EXERCISE:
Your job is to retype the records exactly while dropping every picture.

RECORDS SHOWN:
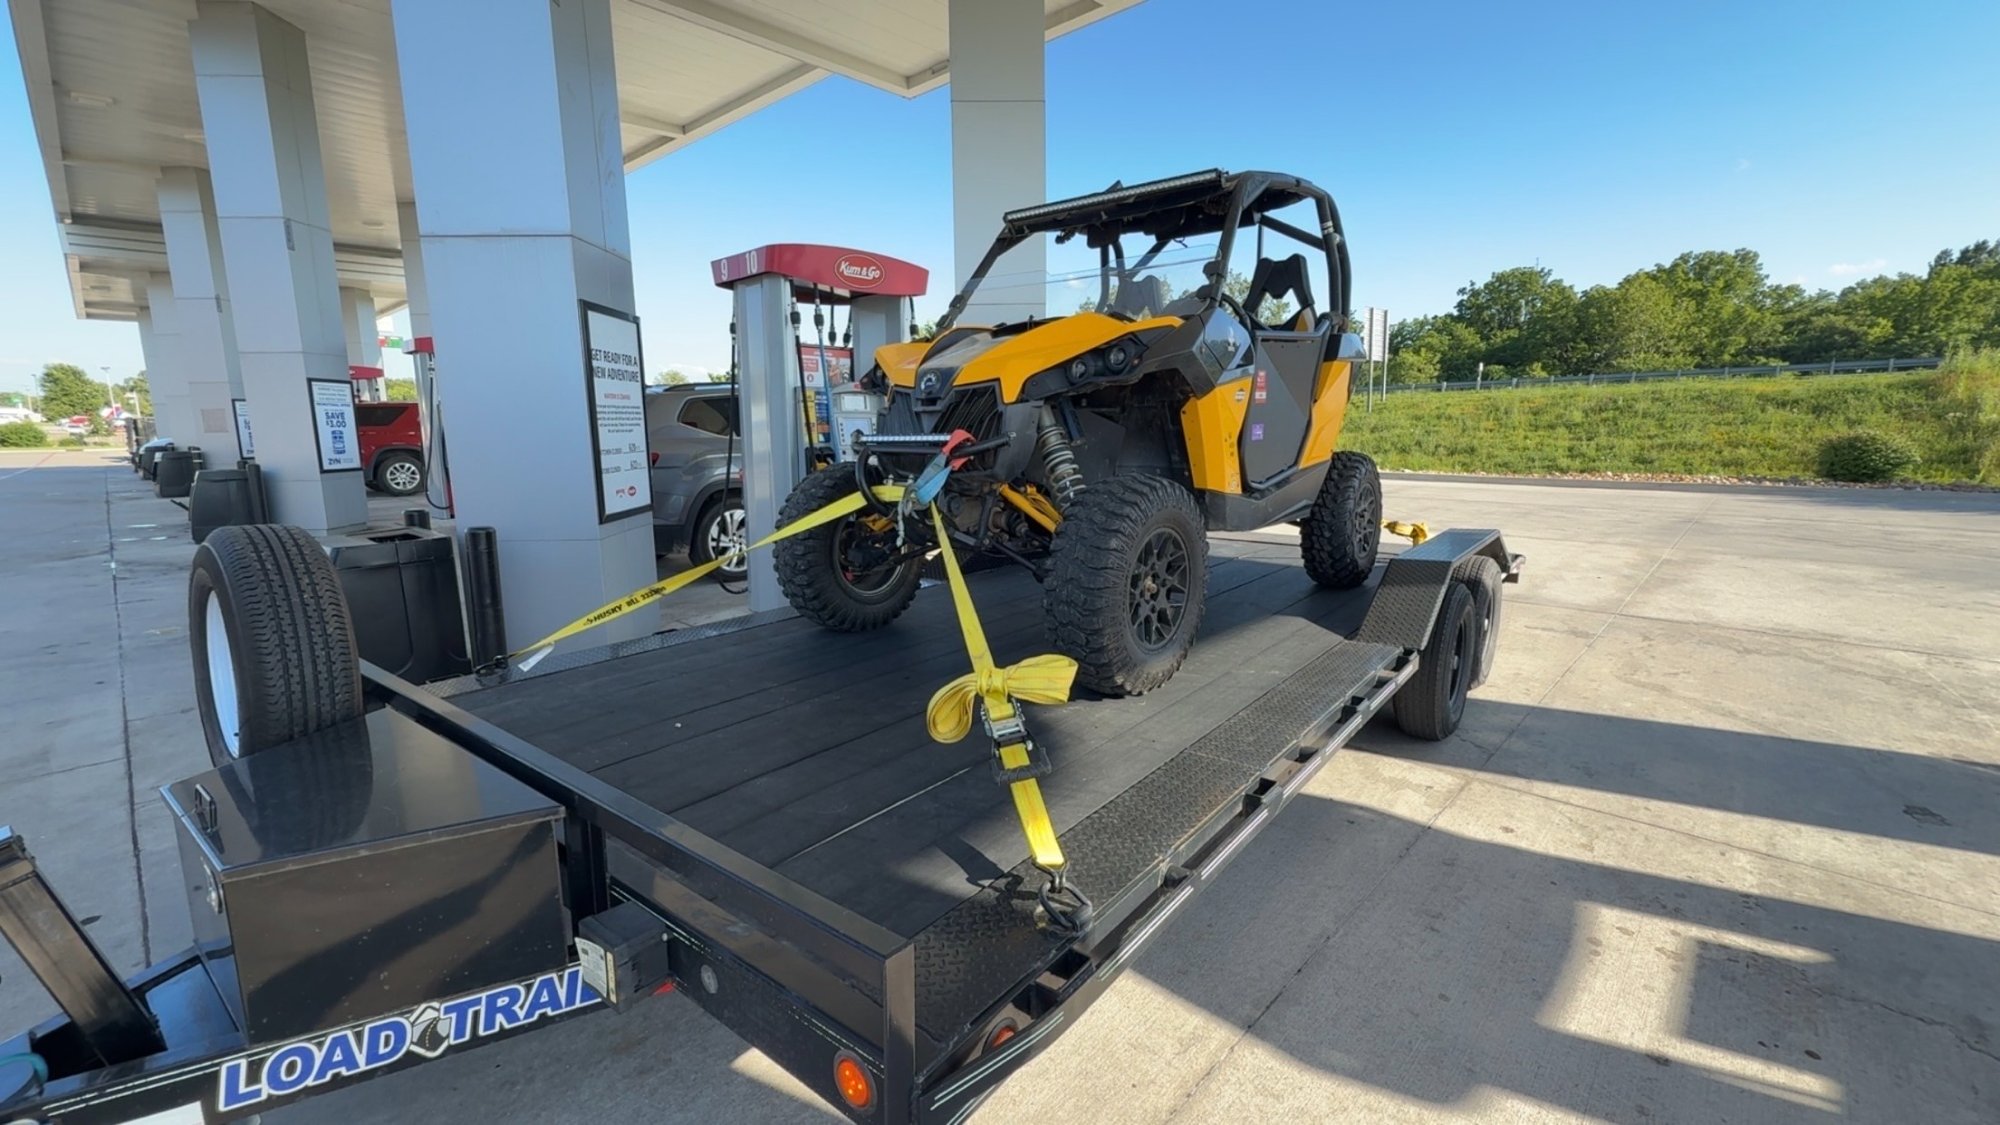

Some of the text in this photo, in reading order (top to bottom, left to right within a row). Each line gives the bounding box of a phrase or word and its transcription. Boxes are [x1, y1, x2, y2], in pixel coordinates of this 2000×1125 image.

[720, 250, 758, 281] 9 10
[591, 348, 639, 367] GET READY FOR A
[592, 366, 640, 383] NEW ADVENTURE
[325, 411, 345, 421] SAVE
[328, 458, 341, 466] ZYN
[594, 604, 622, 621] HUSKY
[218, 1017, 412, 1112] LOAD

ANSWER BOX:
Some of the text in this photo, in reading order (top to bottom, left to right within a row). Each line gives the bounding box of a phrase or word and its transcription. Boxes are [x1, y1, x2, y2], in pixel coordinates of this 2000×1125 image.

[720, 250, 758, 281] 9 10
[591, 348, 639, 367] GET READY FOR A
[592, 366, 640, 383] NEW ADVENTURE
[325, 411, 345, 421] SAVE
[328, 458, 341, 466] ZYN
[594, 604, 622, 621] HUSKY
[218, 1017, 412, 1112] LOAD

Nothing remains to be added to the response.